Sleeping After Shoulder Surgery and Rotator Cuff Surgery Recovery Tips

Injuries to the rotator cuff are among the most common causes of shoulder pain today resulting in over 460,000 surgeries each year. And according to, as many as 3 million people in the United States may be living with a torn rotator cuff, many of them not even aware of their injury.

If you’re preparing for shoulder surgery, rest and immobility of the affected shoulder will be among your best and quickest approaches to returning to the activities you love most.

What is the rotator cuff?

The shoulder is a complex group of interconnected muscles and tendons that work together to provide its normal full range of motion. It’s also one of those critical muscle groups we use for everyday functioning that we tend not to notice until something hurts. We use our shoulders to grab things high out of reach, put on our coats and sweaters, throw a ball, and even simple tasks like brushing our teeth.

What causes an injury to the rotator cuff?

Most injuries are due to a degeneration of the shoulder muscles from using or overusing them over a period of time. An injury can also occur from an acute tear due to overextending the shoulder such during a fall or playing sports that involve increased use of the shoulder for throwing or reaching such as softball, baseball, or swimming.

How do you know if you have a rotator cuff injury or tear? 

Pain or soreness are usually the initial indicators of an injury within the rotator cuff. The pain will most likely linger for an extended period, the muscle may feel weakened, there may be limited movement in the shoulder, and it may hurt to sleep on that side.

Shoulder Surgery Recovery Timeline

Diagnosis for a rotator cuff injury is often confirmed through an ultrasound, X-Ray, or MRI. If surgery is recommended, the recovery time can be lengthy and can take as long as 4 to 6 months. This can vary greatly depending on the extent of the injury, such as the severity of the tear, and the surgical approach recommended by your doctor.

Sleeping After Shoulder Surgery 

Sleeping after rotator or shoulder surgery can be challenging, especially if you’re used to sleeping on your side. Sleeping on the back and in an elevated position can help reduce pain, swelling, and soreness, improve circulation, and take the stress off your healing injury. 

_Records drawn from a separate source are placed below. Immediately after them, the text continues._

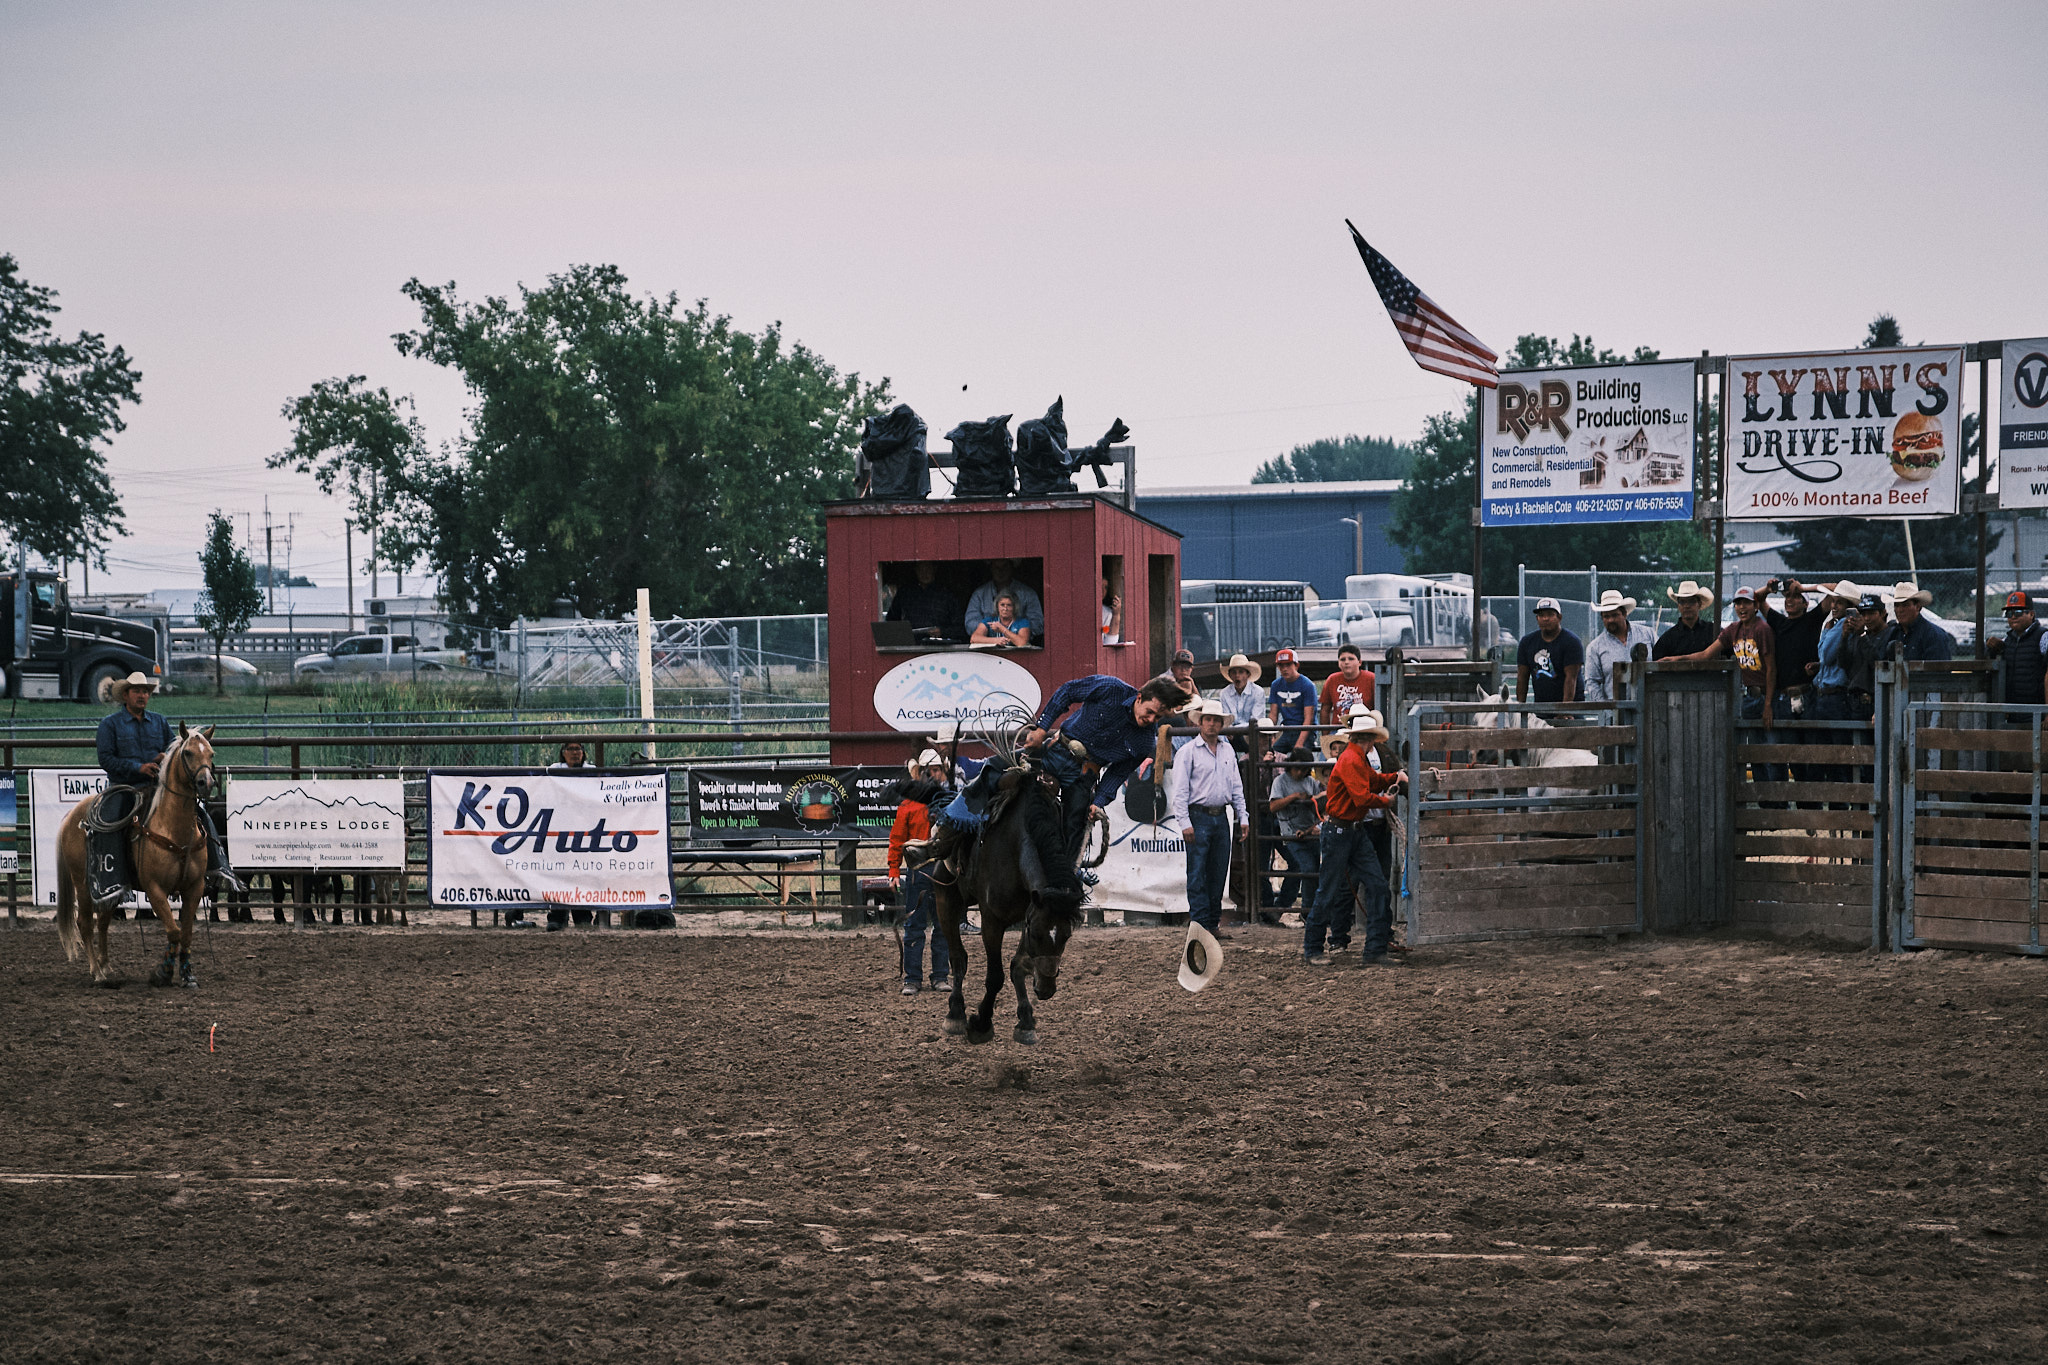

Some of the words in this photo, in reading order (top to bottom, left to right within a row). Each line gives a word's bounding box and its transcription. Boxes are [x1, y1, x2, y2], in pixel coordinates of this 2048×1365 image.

[1577, 378, 1641, 403] Building
[1741, 362, 1949, 423] LYNN'S
[1497, 379, 1573, 444] R&R
[1577, 405, 1671, 429] Productions
[1673, 413, 1688, 425] LLC
[1492, 446, 1511, 458] New
[1513, 444, 1568, 457] Construction,
[1740, 426, 1887, 470] DRIVE-IN
[1492, 461, 1544, 474] Commercial,
[1546, 458, 1594, 471] Residential
[2011, 466, 2032, 474] Ronan
[1492, 479, 1508, 490] and
[1510, 477, 1551, 489] Remodels
[1750, 492, 1799, 508] 100%
[1803, 491, 1882, 506] Montana
[1888, 488, 1929, 504] Beef
[1491, 503, 1513, 518] Rocky
[1515, 503, 1521, 515] &
[1522, 502, 1553, 515] Rachelle
[1554, 502, 1572, 513] Cote
[1575, 499, 1623, 513] 406-212-0357
[1625, 502, 1633, 511] or
[1634, 497, 1684, 511] 406-676-5554
[897, 708, 950, 719] Access
[955, 707, 1021, 718] Montana
[600, 779, 632, 793] Locally
[634, 778, 664, 790] Owned
[806, 773, 839, 788] TIMBERS
[698, 781, 725, 796] Specialty
[726, 782, 737, 793] cut
[737, 781, 755, 794] wood
[756, 781, 782, 796] products
[453, 781, 531, 830] K-O
[603, 793, 613, 803] &
[615, 791, 657, 806] Operated
[700, 798, 720, 813] Rough
[729, 798, 755, 811] finished
[756, 798, 780, 811] lumber
[701, 815, 717, 830] Open
[719, 817, 726, 827] to
[727, 815, 738, 827] the
[740, 815, 760, 830] public
[491, 808, 639, 855] Auto
[1131, 838, 1186, 853] Mountain
[251, 853, 276, 862] Lodging
[284, 853, 311, 862] Catering
[319, 853, 352, 861] Restaurant
[361, 853, 384, 862] Lounge
[505, 859, 565, 871] Premium
[572, 859, 603, 871] Auto
[609, 858, 655, 872] Repair
[440, 887, 531, 902] 406.676.AUTO
[542, 887, 646, 903] www.k-oauto.com

Since the healing timeline for shoulder and rotator cuff surgery is especially long, between 4 to 6 months, a post-surgery pillow is a great investment to make sure you get the rest you need following your procedure. Even a moderate disruption in sleep can impact everything from your mood and energy levels to your body’s ability to heal. 

The Sleep Again Pillow System is a post-surgery pillow uniquely designed to provide comfort and protection while you rest and sleep. Many surgery pillows include some form of memory foam wedge as part of their design. The Sleep Again Pillow includes 5 separate components, including 2 memory foam wedges, 2 full-body side pillows, and 1 neck pillow for maximizing both safety and comfort. 

This allows the user to vary their positions while recovering from surgery at home and is ideal for staying elevated and supported during restful activities such as reading or tv watching. 

Its two full-body side pillows are extremely effective in preventing rolling while you sleep. This is huge for not accidentally slumping onto your side and potentially risking injury to your healing incisions.

“My nest of comfort,” is how one of our customers describes her sleep experience. Read more client testimonials to see what else they have to say!


Shoulder Surgery Recovery Tips

Avoid sleeping on your shoulder and use a wedge pillow for elevation.

After shoulder surgery, it’s important to lay on your back while resting or sleeping to avoid strain on the affected injury. Sleeping in a slightly elevated position will not only improve circulation but can also reduce pain, provide greater comfort, and promote healing.

Wear your shoulder sling as recommended by your doctor.

- It’s critical that you limit your shoulder movement following shoulder surgery or you may risk injury to the repaired area. Plan on keeping this arm immobile for the first 4-6 weeks following your procedure.

Be mindful of ordinary activity that could cause injury.

- Lifting heavy objects, putting weight on your shoulder, raising your arm, and reaching - all of it should be avoided during this healing phase.

Attend physical therapy.

A physical therapist can work with you to identify and work on stretches and light exercises that will help ease your pain and strengthen your repaired shoulder to help bring back a better range of motion.

Ask the important questions before your shoulder surgery.

Should you use ice or heat? When should you change your dressings? What should you wear for ease of comfort? Can you bathe? What level of pain should you expect? These are all things to ask your doctor or surgeon in advance to better anticipate your overall recovery experience.